The Sidecar exposes a **`GET /metrics`** endpoint that returns service metrics in [Prometheus](https://prometheus.io/) format.

This endpoint includes both system-level and Sidecar-specific metrics. These metrics are helpful for monitoring the health and performance of your Sidecar service.

### Sidecar

The Sidecar exposes standard health and readiness endpoints for monitoring and orchestration. Check health with `GET /livez` and readiness with `GET /readyz`, both returning `{"status":"UP"}` when operational.
Metrics are available in Prometheus format at `GET /metrics`. Key metrics to monitor include:

* `sidecar_initialization_errors_total` - indicates errors during sidecar initialization, such as an invalid API key or misconfiguration.
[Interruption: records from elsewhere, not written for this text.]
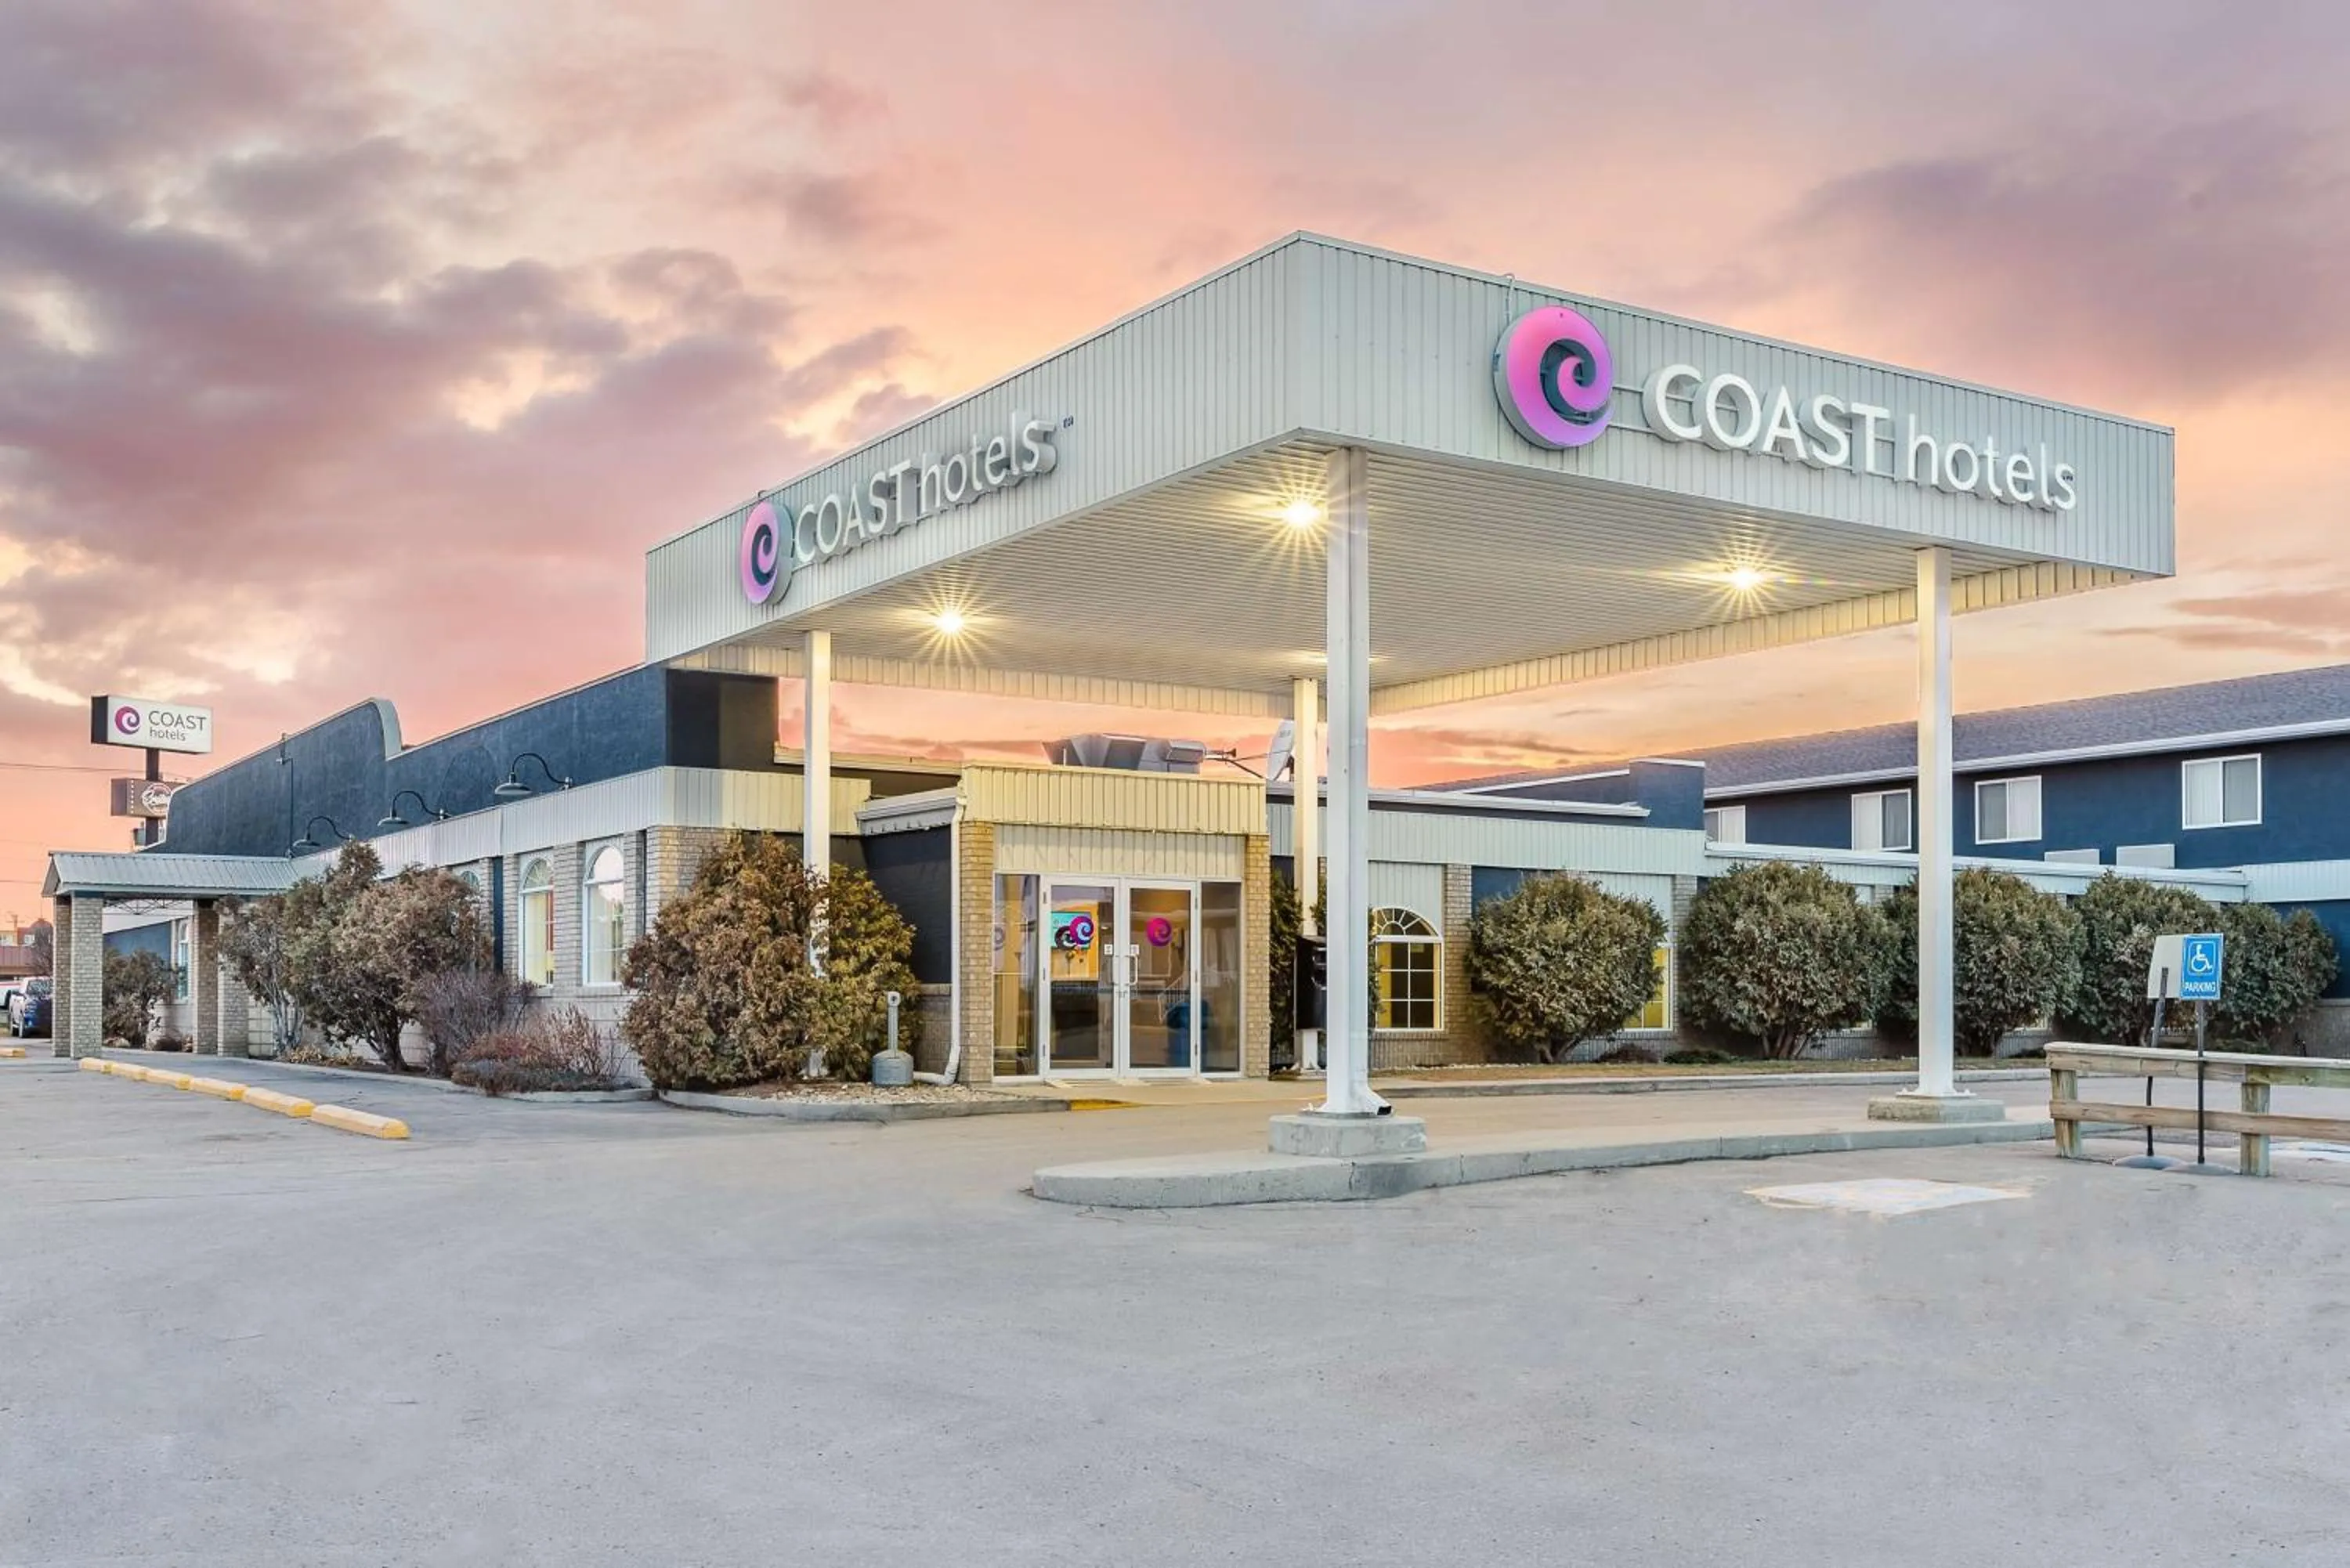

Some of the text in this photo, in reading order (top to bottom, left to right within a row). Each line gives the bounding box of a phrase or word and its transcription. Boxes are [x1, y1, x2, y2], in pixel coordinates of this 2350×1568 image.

[1653, 363, 2076, 511] COAST hotels
[795, 410, 1043, 563] COAST hotels
[148, 710, 207, 731] COAST
[150, 726, 186, 741] hotels
[2184, 981, 2216, 992] PARKING
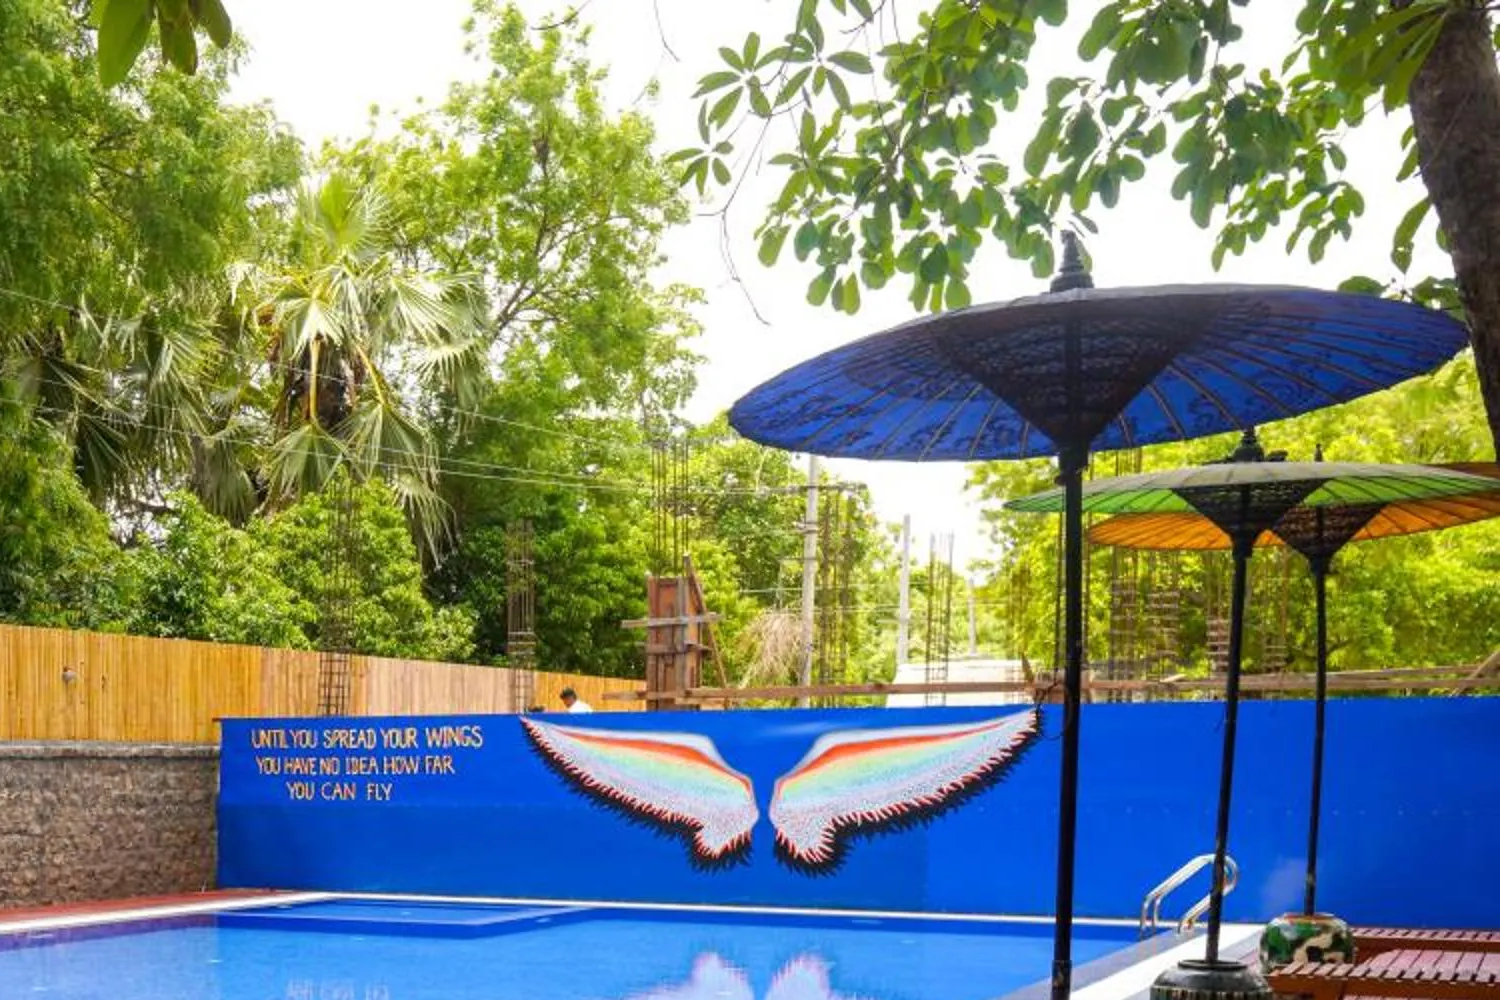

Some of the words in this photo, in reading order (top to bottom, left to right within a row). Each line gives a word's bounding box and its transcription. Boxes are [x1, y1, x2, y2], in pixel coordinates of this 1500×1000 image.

[251, 729, 290, 749] UNTIL
[289, 729, 318, 749] YOU
[323, 728, 376, 749] SPREAD
[381, 728, 418, 749] YOUR
[425, 726, 484, 748] WINGS
[256, 757, 281, 775] YOU
[284, 757, 316, 775] HAVE
[319, 757, 340, 775] NO
[345, 757, 378, 775] IDEA
[383, 756, 419, 775] HOW
[424, 755, 455, 774] FAR
[286, 783, 315, 800] YOU
[320, 783, 356, 800] CAN
[366, 783, 393, 801] FLY
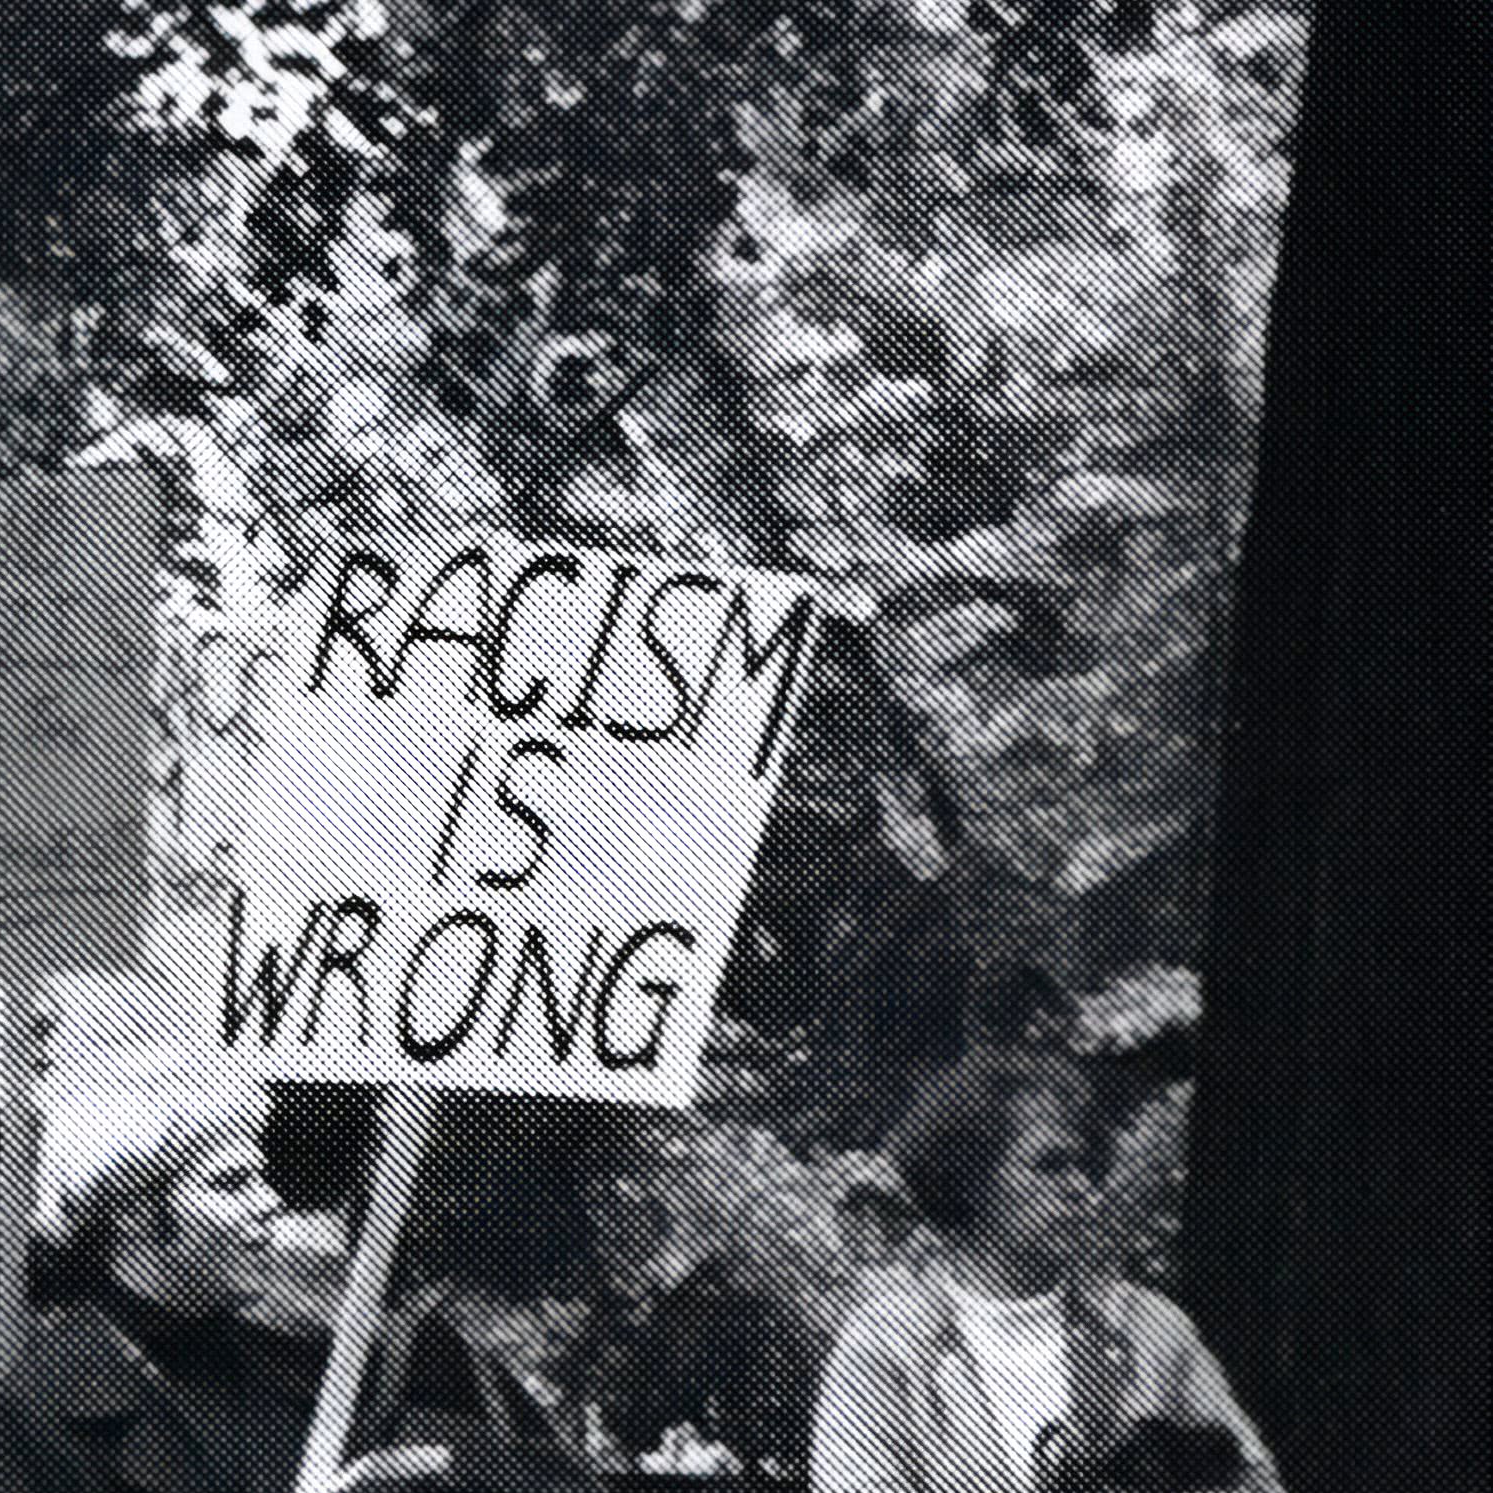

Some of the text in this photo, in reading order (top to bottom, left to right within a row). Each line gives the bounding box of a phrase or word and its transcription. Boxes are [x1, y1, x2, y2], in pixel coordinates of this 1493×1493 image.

[305, 546, 815, 781] RACISM
[429, 731, 565, 892] IS
[220, 885, 697, 1071] WRONG
It should always remain at 0. If the number of errors rises above 0 in production, it should immediately trigger an alert to the on-call engineer or roll back to the last working configuration
* `sidecar_invalid_api_key_errors_total` - authentication failures
* `sidecar_network_request_errors_total` - connectivity problems, increments on API errors. It should trigger a warning if any errors (>0) occur within a 5-minute window, and escalate if the error rate remains elevated for 10 minutes
* `sidecar_redis_client_errors_total` - Redis connection issues, should be treated as a signal of connectivity or stability issues with Redis for the service. A reasonable threshold is to trigger a warning if any errors (>0) occur within a 5-minute window, and escalate if the error rate remains elevated for 10 minutes
* `sidecar_cache_hits_total` and `sidecar_cache_misses_total` - cache performance

<Note>
  `sidecar_network_request_errors_total` metric is another indication that the API may be unreachable.
  For Sidecar, entitlement check responses containing `isFallback: true` means fallback values are used.
</Note>

<Note>
  A Sidecar liveness probe should not trigger automatic Kubernetes pod restarts for network connectivity issues, Stigg API unreachability, or Edge failures. This is an intentional design choice to prevent the Sidecar from entering a restart loop, which would disrupt the main application whenever the upstream Stigg API is temporarily unreachable. The recommended approach is to keep the sidecar pod alive and rely on cached reads and fail-safe fallback modes while surfacing connectivity or write errors into your own observability and alerting stack, rather than coupling them to pod restarts.
</Note>

### Persistent cache service

When Redis is enabled, the persistent cache service provides its own monitoring endpoints: `GET /livez`, `GET /readyz`, and `GET /metrics`. Important metrics include:

* `persistent_cache_write_duration_seconds` - write performance, high duration can indicate a delay in propagation of changes to Redis. Write duration >5 seconds sustained over a 5-minute window should trigger a warning, and escalate if the duration remains elevated for 15 minutes
* `persistent_cache_write_errors_total` - write failures, should be treated as a signal of connectivity or stability issues with Redis for the service, same as above. Trigger a warning if any errors (>0) occur within a 5-minute window, and escalate if the error rate remains elevated for 10 minutes
* `persistent_cache_hit_ratio` - overall cluster hit rate, a good indicator of Redis utilization, below 0.8 sustained for 15 minutes should trigger a warning, and a drop below 0.6 should be escalated over 60 minutes
* `persistent_cache_memory_usage_bytes` - memory consumption
* `persistent_cache_hits_total` and `persistent_cache_misses_total` - cache effectiveness
* `persistent_cache_messages_processed_total` - throughput tracking

<Note>
  The hit ratio metric reflects the overall performance of the cluster and is typically a good indication of how well Redis is being utilized.
</Note>

### Recommended metrics and alert thresholds

These thresholds can be adjusted based on your production utilization patterns. Warnings are typically routed to the application team via Slack for investigation, while critical alerts should trigger **PagerDuty** notifications to the on-call engineer.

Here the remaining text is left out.